[Prompt]:
In the records below, repeat exactly the lines between the line holding "this 1600×1064 image." and the line holding "this 2048×1365 image.", inclusive, and drop the pictures.
==== Supplied material
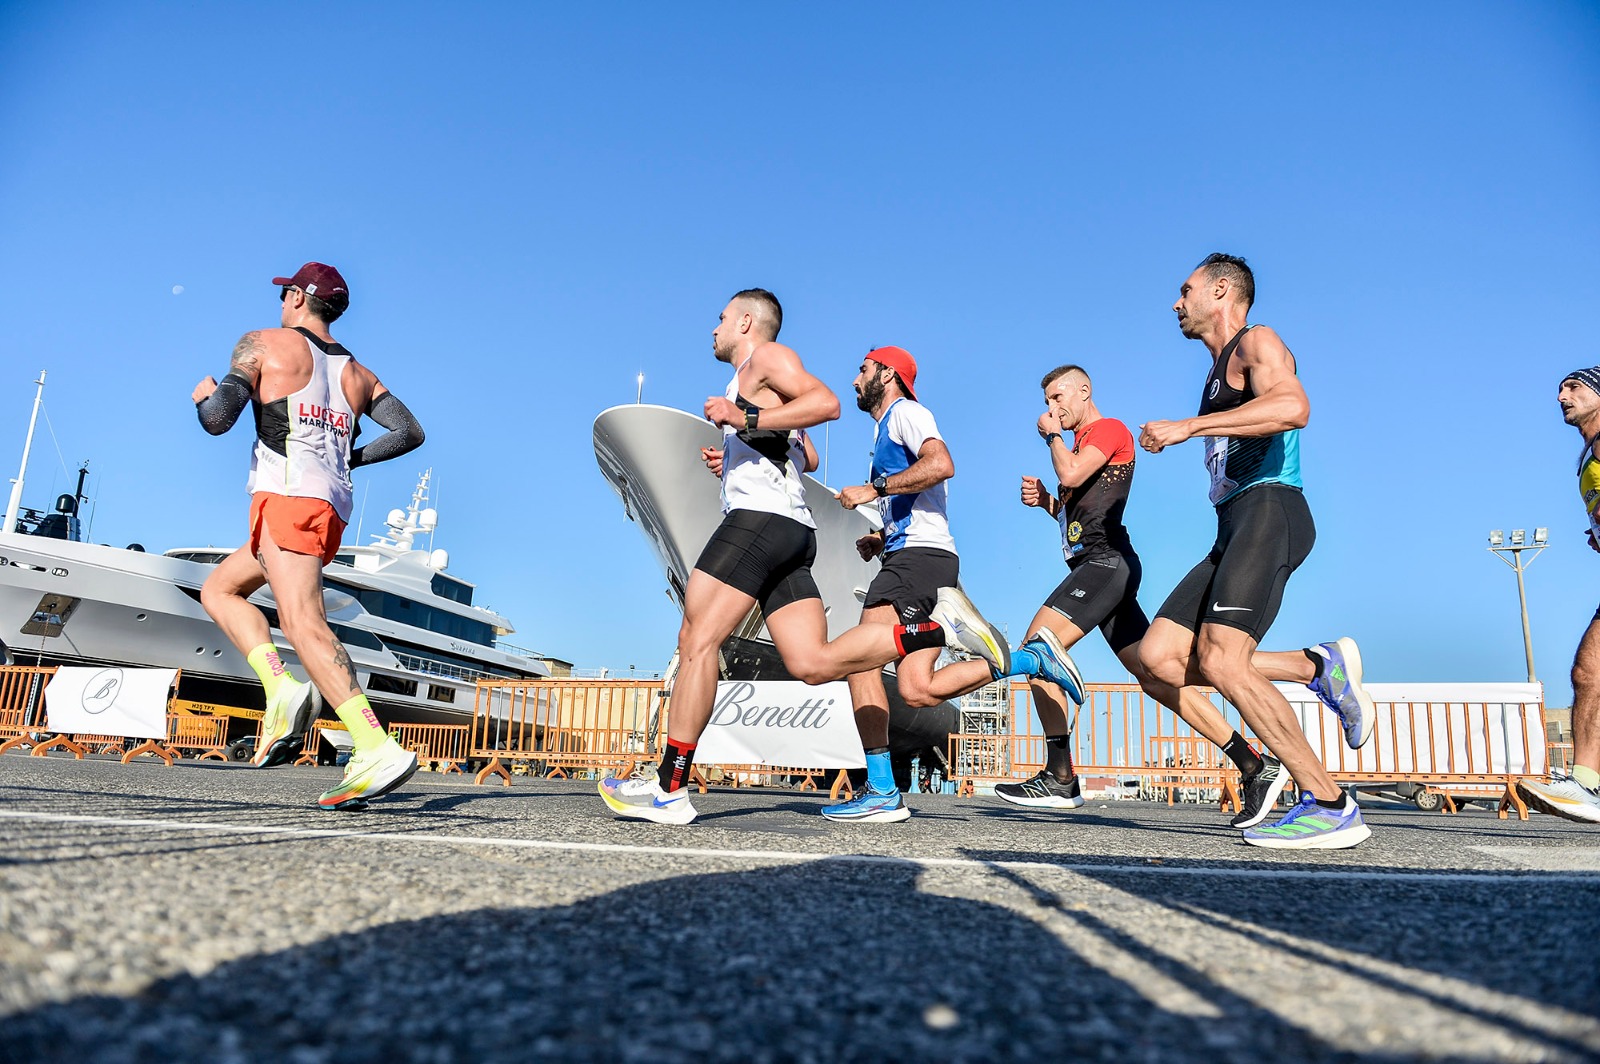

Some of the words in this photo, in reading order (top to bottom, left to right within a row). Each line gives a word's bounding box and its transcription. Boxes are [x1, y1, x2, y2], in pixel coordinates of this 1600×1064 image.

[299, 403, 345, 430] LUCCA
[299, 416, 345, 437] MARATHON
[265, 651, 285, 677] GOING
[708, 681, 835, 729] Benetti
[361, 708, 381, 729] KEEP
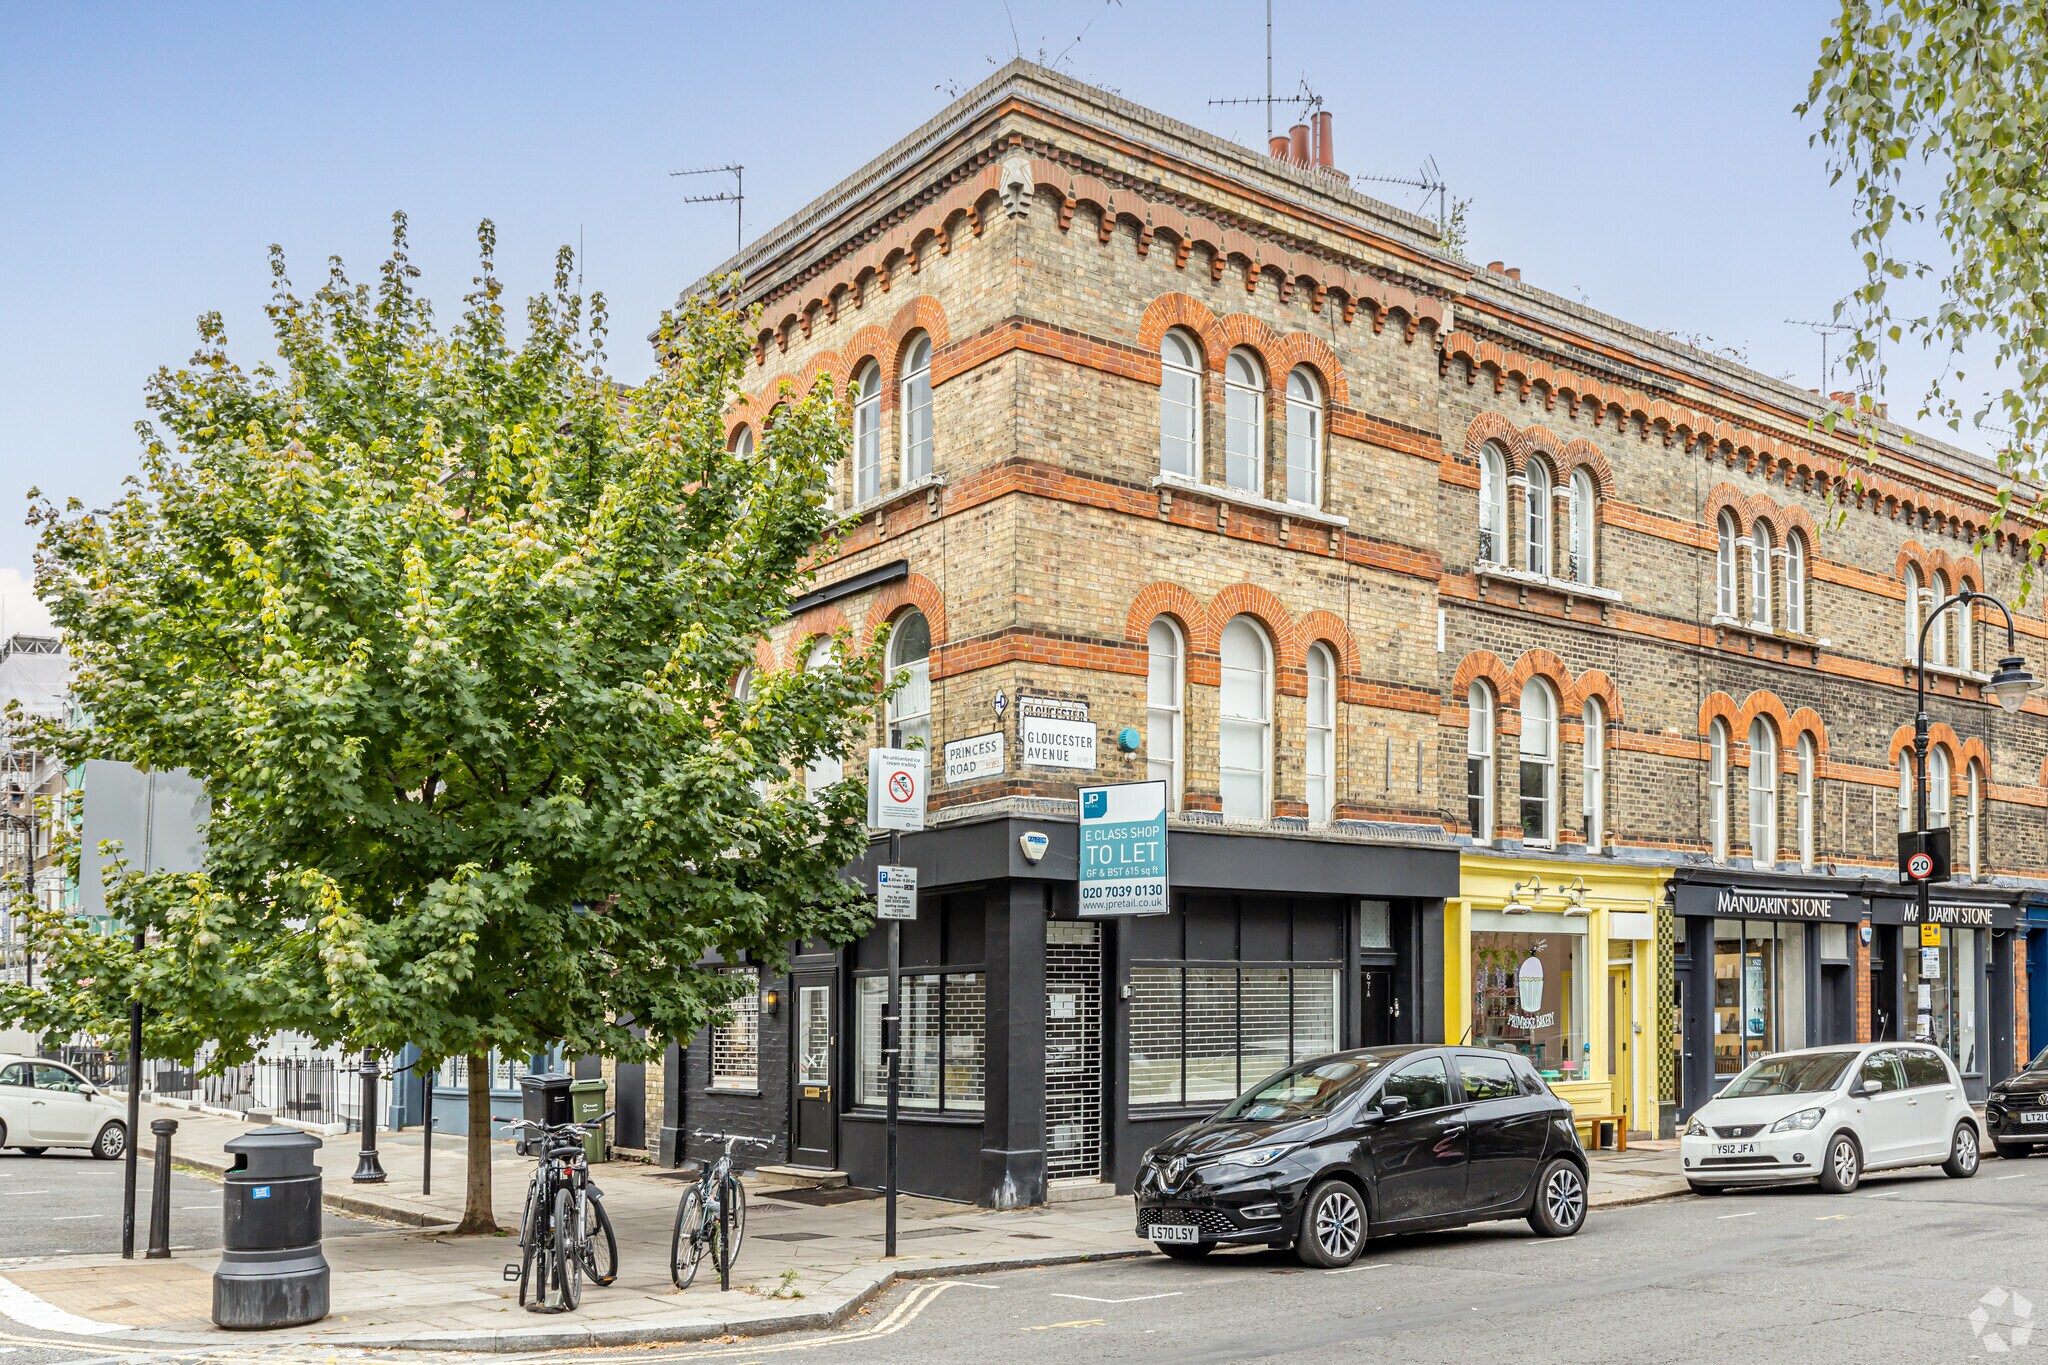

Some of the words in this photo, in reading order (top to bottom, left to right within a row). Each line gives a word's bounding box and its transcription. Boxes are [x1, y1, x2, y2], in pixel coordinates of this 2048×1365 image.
========
==== Supplied material
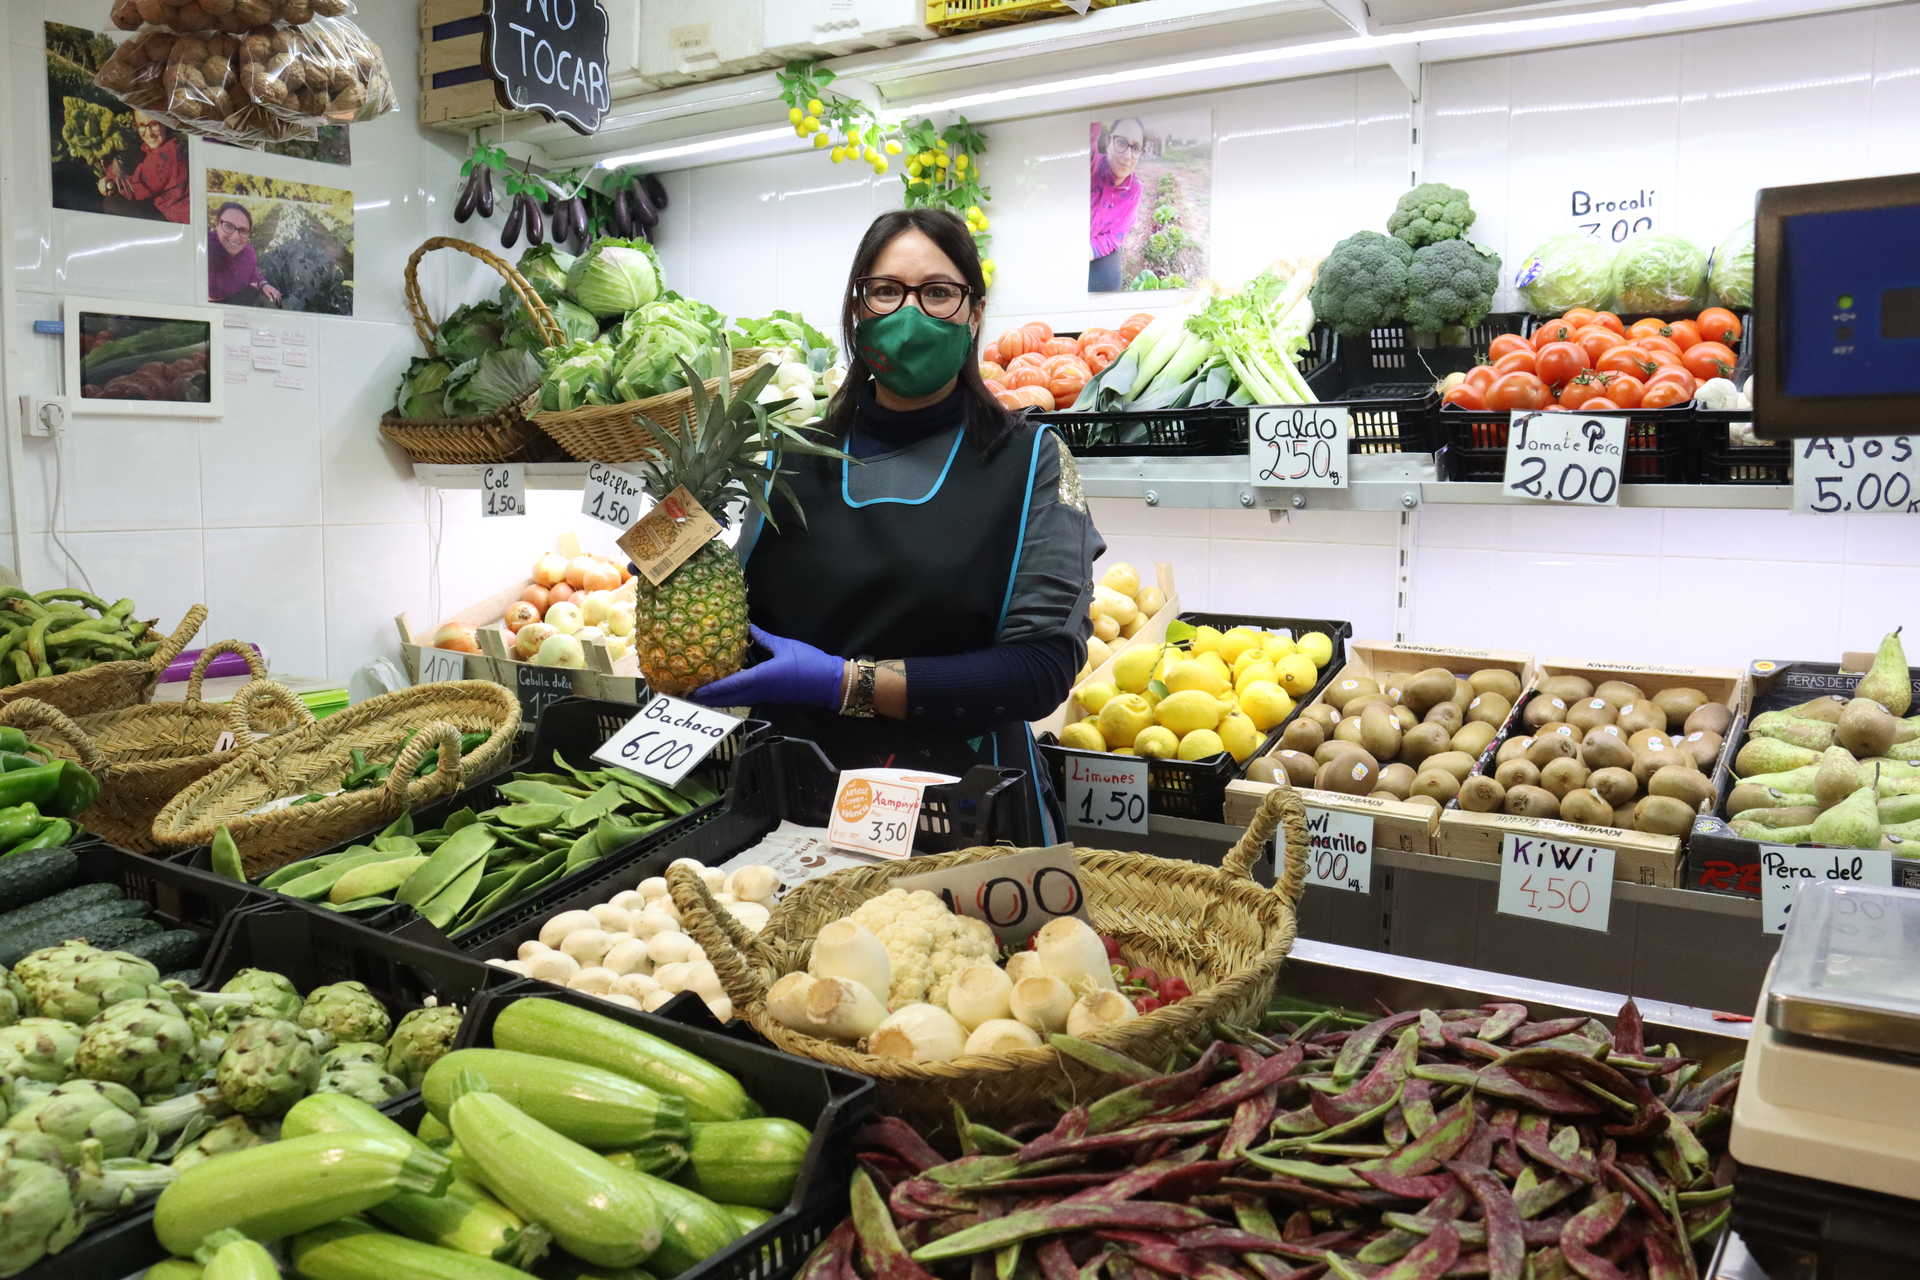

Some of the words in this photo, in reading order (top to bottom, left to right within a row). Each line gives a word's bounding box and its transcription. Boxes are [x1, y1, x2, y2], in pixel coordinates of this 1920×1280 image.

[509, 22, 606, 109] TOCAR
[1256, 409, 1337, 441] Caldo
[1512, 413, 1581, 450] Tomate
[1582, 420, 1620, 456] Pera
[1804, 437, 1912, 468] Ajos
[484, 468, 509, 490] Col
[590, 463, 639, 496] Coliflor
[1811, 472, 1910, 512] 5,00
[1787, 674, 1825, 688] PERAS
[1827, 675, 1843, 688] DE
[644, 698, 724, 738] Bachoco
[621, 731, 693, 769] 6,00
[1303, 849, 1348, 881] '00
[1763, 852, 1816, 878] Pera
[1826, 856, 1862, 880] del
========
==== Supplied material
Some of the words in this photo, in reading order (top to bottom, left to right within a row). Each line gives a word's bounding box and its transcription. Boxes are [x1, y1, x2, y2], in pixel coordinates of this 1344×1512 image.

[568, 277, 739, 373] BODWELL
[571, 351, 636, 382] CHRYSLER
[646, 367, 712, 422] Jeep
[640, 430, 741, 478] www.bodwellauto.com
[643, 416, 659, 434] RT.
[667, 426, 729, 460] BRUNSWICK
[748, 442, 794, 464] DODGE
========
[Reply]:
Some of the words in this photo, in reading order (top to bottom, left to right within a row). Each line gives a word's bounding box and its transcription. Boxes are [x1, y1, x2, y2], in pixel coordinates of this 1600×1064 image.

[299, 403, 345, 430] LUCCA
[299, 416, 345, 437] MARATHON
[265, 651, 285, 677] GOING
[708, 681, 835, 729] Benetti
[361, 708, 381, 729] KEEP

Some of the words in this photo, in reading order (top to bottom, left to right within a row). Each line gives a word's bounding box and its transcription. Boxes are [x1, y1, x2, y2], in pixel coordinates of this 2048×1365 image.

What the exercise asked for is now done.